• **REQUIRED ACTION**:
Retype the data below exactly, skipping pictures.

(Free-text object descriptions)
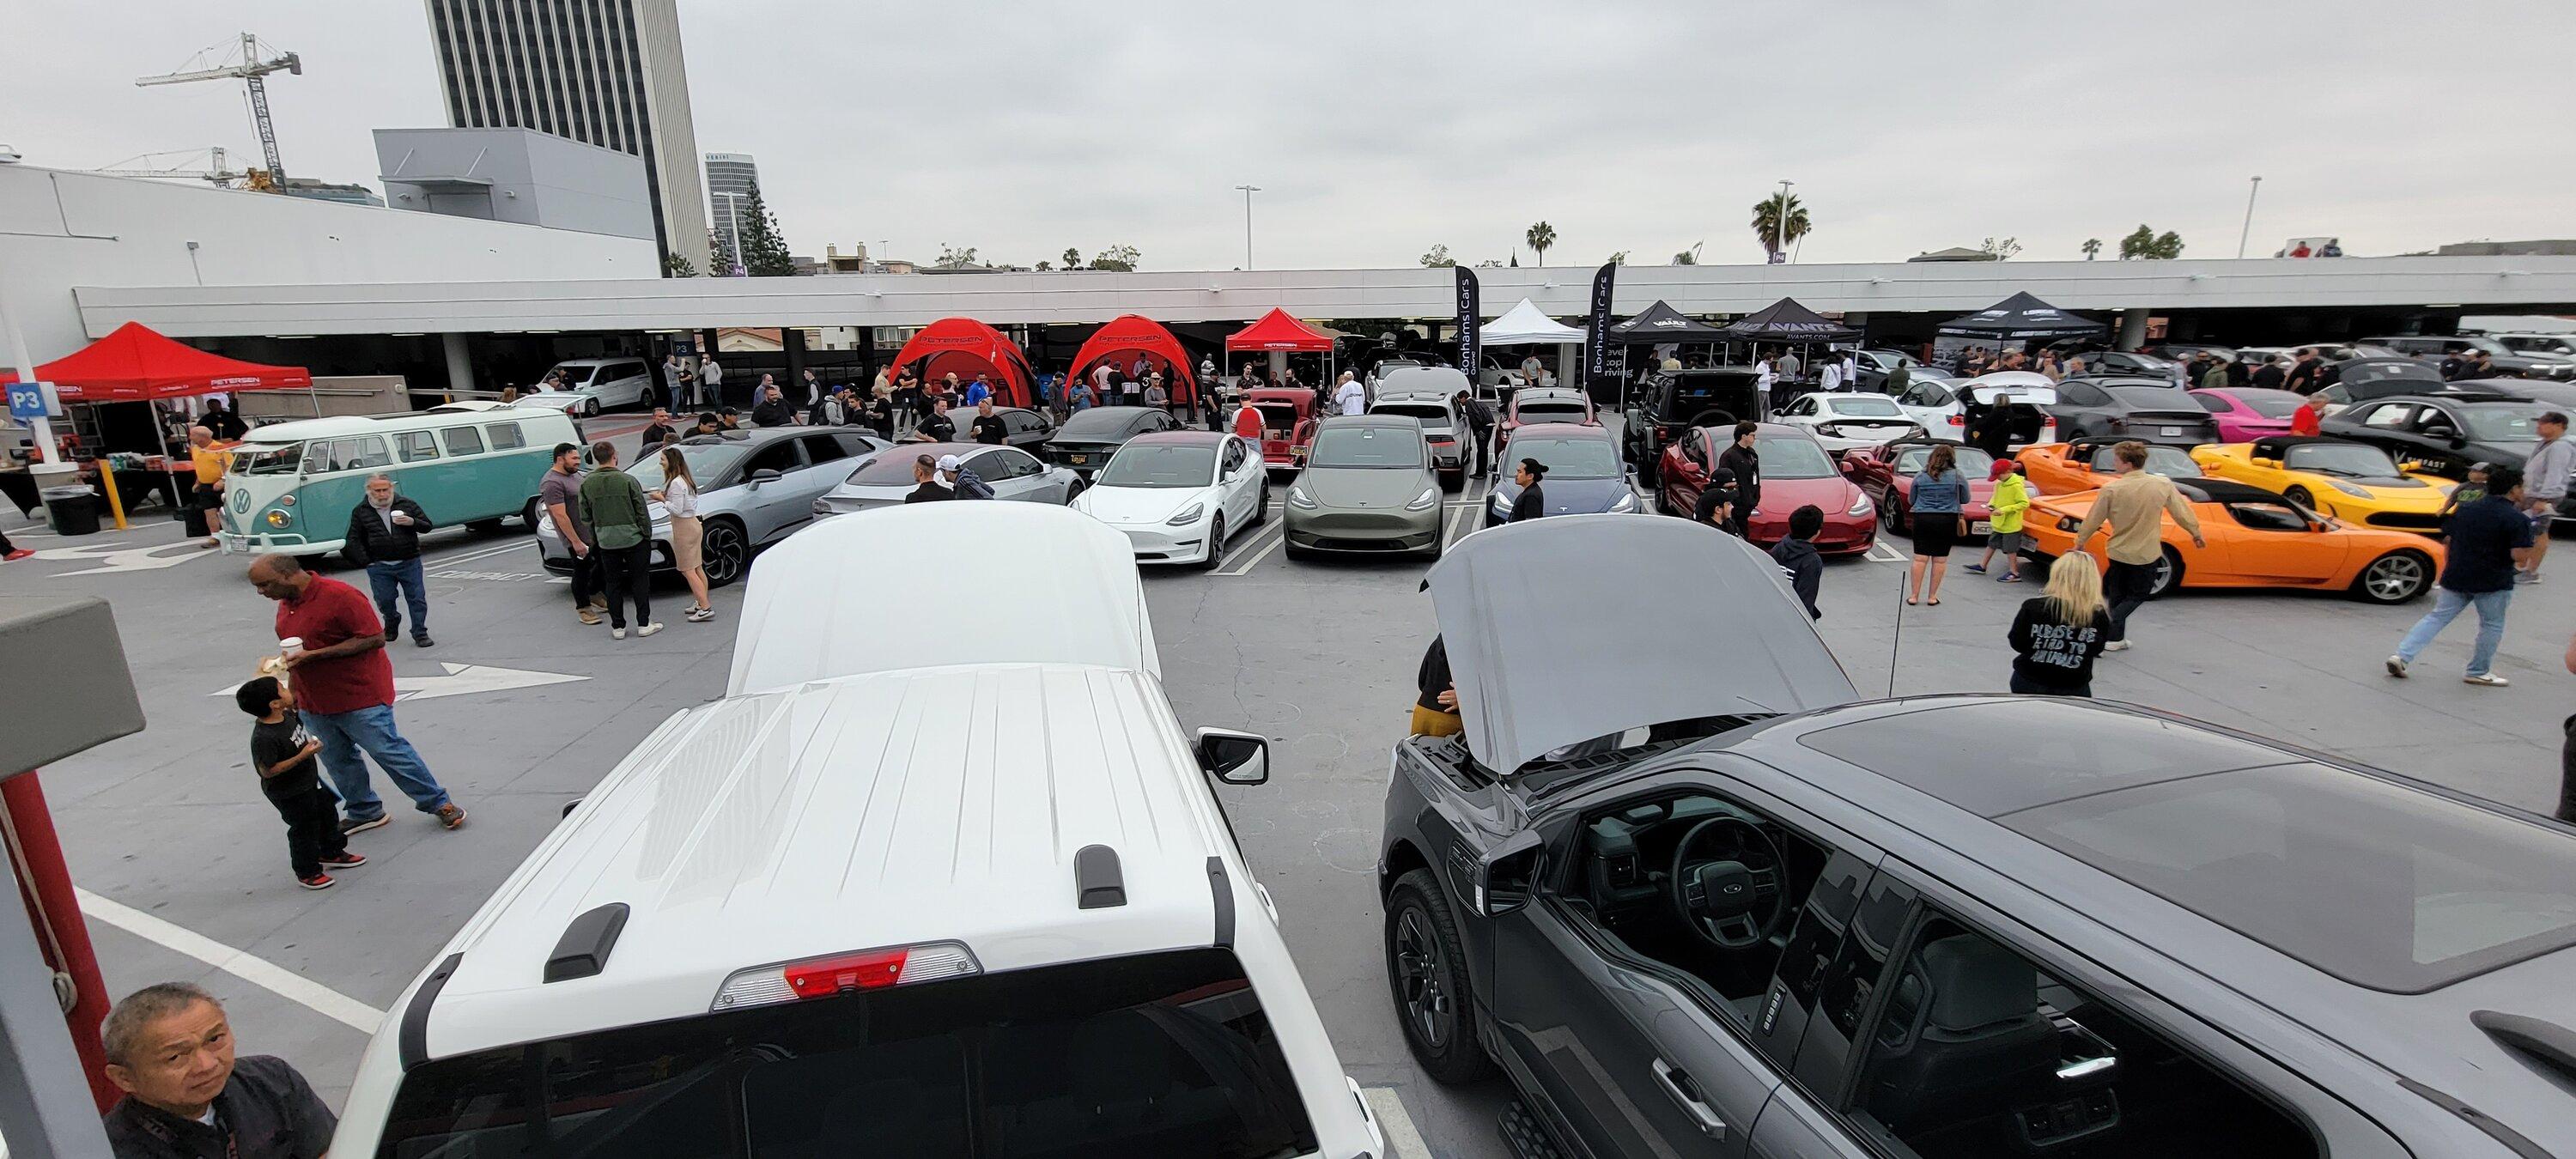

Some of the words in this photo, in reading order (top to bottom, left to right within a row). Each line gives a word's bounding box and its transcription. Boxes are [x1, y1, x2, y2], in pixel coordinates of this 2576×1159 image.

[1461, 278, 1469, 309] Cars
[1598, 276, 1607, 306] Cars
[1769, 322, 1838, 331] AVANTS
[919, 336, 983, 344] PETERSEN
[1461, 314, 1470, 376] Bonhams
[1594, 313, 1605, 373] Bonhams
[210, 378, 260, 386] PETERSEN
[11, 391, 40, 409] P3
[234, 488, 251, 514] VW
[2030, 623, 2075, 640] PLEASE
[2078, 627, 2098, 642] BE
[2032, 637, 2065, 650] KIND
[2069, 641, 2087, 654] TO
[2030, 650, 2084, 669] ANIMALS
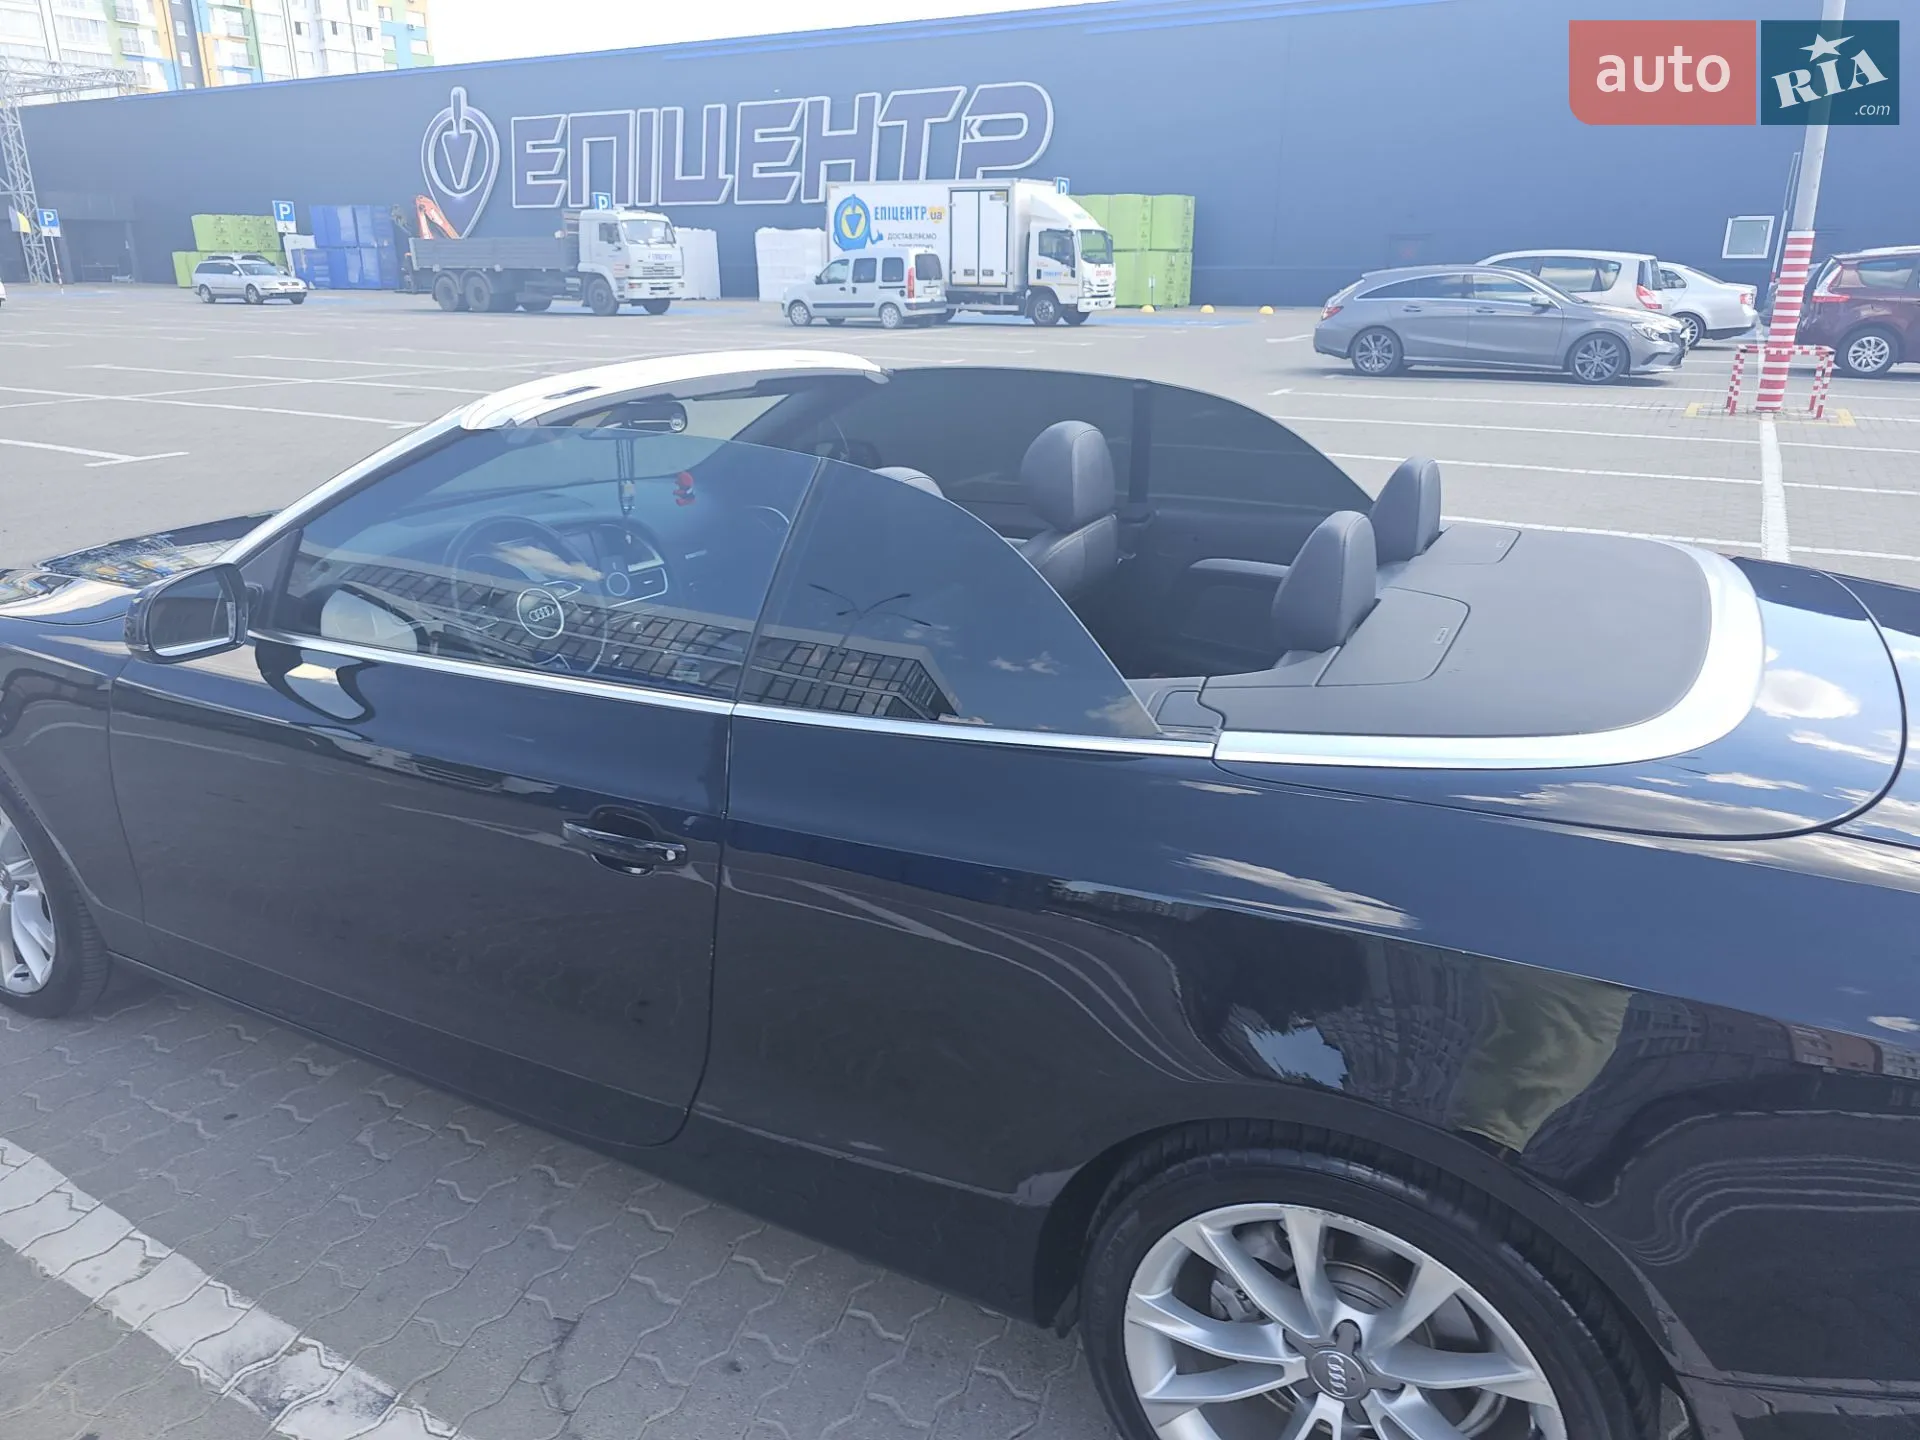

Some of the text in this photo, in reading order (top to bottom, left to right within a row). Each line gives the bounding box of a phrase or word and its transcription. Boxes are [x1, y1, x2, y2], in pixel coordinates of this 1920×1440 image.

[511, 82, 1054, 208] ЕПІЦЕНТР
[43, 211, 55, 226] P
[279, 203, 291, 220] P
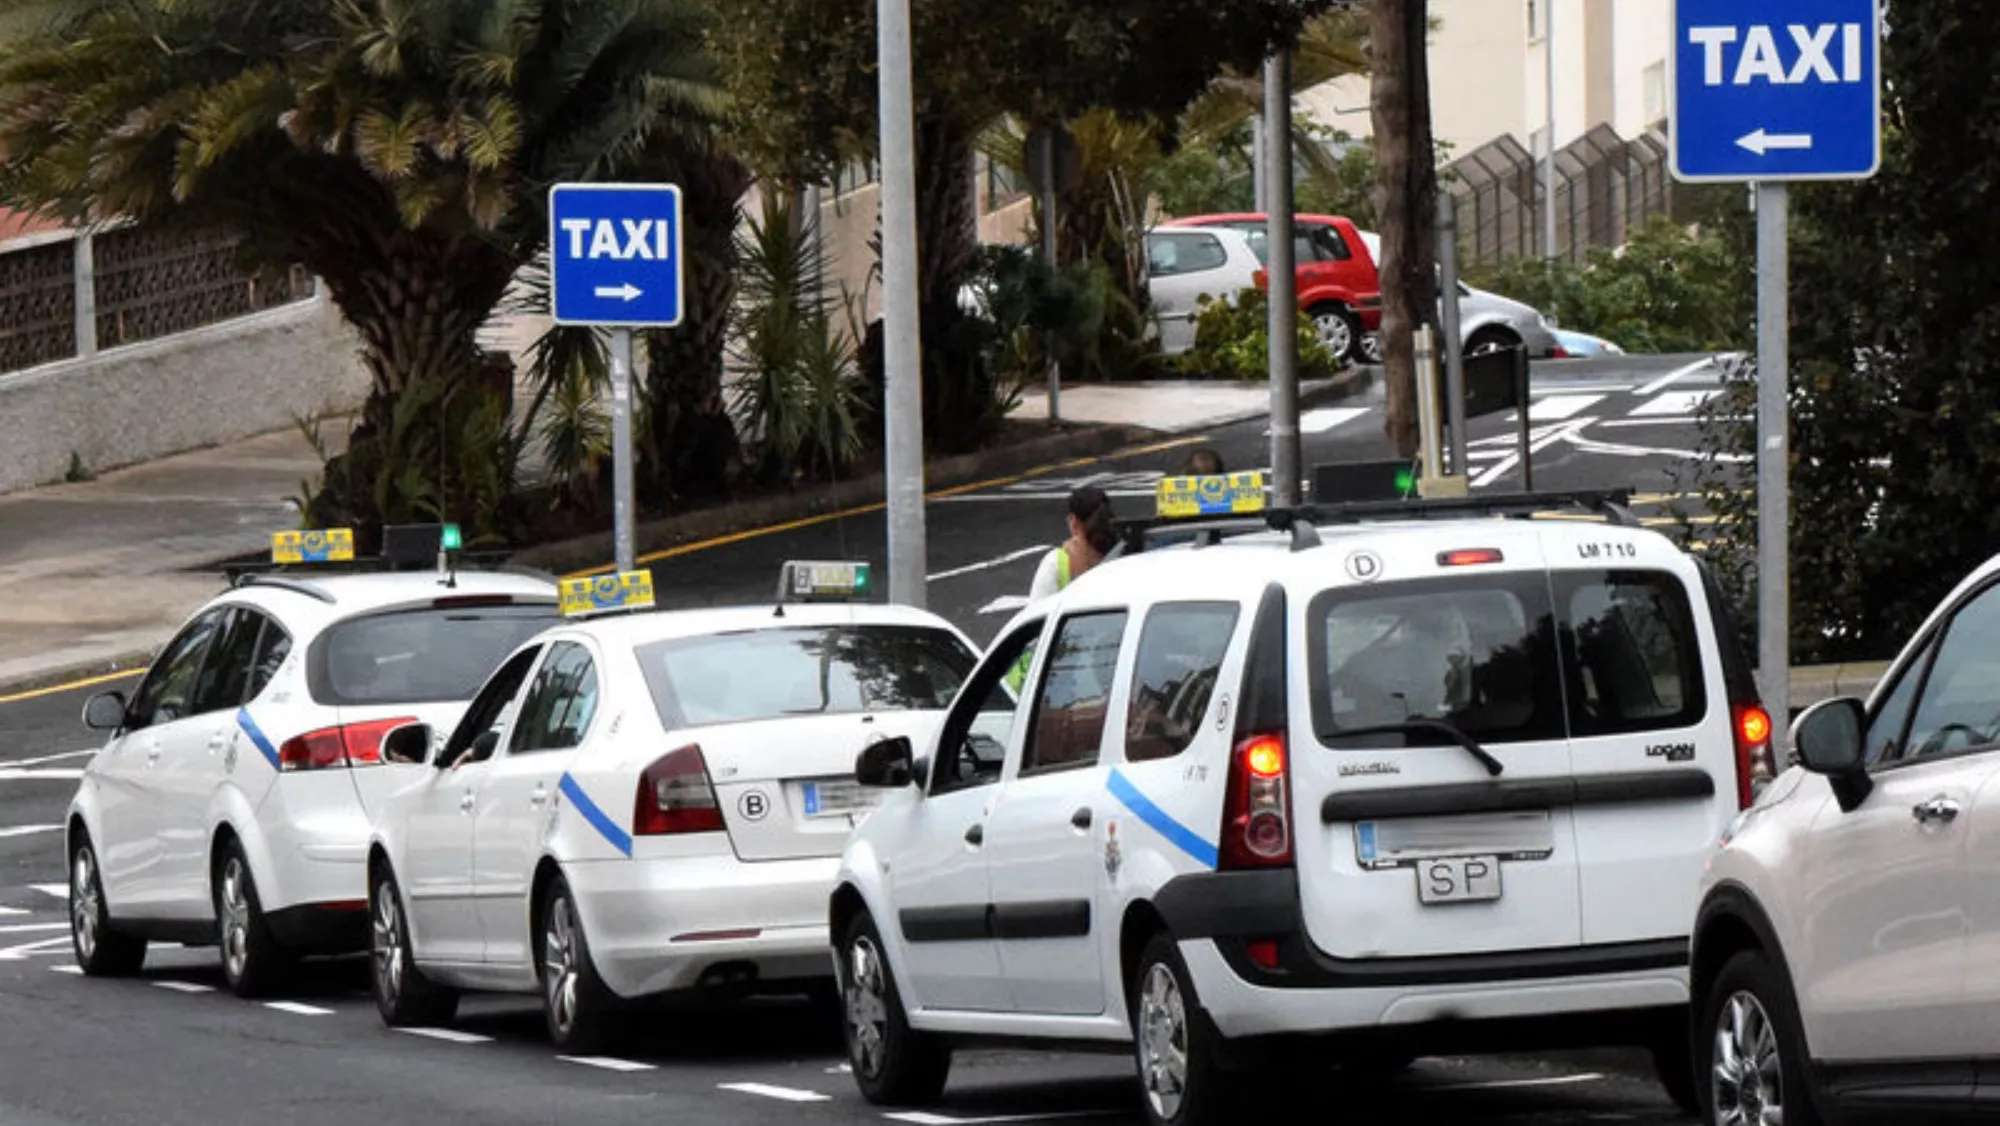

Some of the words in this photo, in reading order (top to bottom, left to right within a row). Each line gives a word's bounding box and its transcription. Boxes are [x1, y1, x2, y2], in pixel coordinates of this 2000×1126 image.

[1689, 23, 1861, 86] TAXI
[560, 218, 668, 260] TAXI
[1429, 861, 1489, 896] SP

• **ANSWER FOR THE TASK**:
Some of the words in this photo, in reading order (top to bottom, left to right within a row). Each line gives a word's bounding box and its transcription. Boxes are [x1, y1, x2, y2], in pixel coordinates of this 2576×1159 image.

[1461, 278, 1469, 309] Cars
[1598, 276, 1607, 306] Cars
[1769, 322, 1838, 331] AVANTS
[919, 336, 983, 344] PETERSEN
[1461, 314, 1470, 376] Bonhams
[1594, 313, 1605, 373] Bonhams
[210, 378, 260, 386] PETERSEN
[11, 391, 40, 409] P3
[234, 488, 251, 514] VW
[2030, 623, 2075, 640] PLEASE
[2078, 627, 2098, 642] BE
[2032, 637, 2065, 650] KIND
[2069, 641, 2087, 654] TO
[2030, 650, 2084, 669] ANIMALS

Some of the text in this photo, in reading order (top to bottom, left to right within a row). Each line gives the bounding box of a phrase or word and its transcription. Boxes are [x1, y1, x2, y2], in pixel coordinates of this 1920×1440 image.

[511, 82, 1054, 208] ЕПІЦЕНТР
[43, 211, 55, 226] P
[279, 203, 291, 220] P

Some of the words in this photo, in reading order (top to bottom, left to right within a row). Each line gives a word's bounding box and its transcription. Boxes are [x1, y1, x2, y2], in pixel coordinates of this 2000×1126 image.

[1689, 23, 1861, 86] TAXI
[560, 218, 668, 260] TAXI
[1429, 861, 1489, 896] SP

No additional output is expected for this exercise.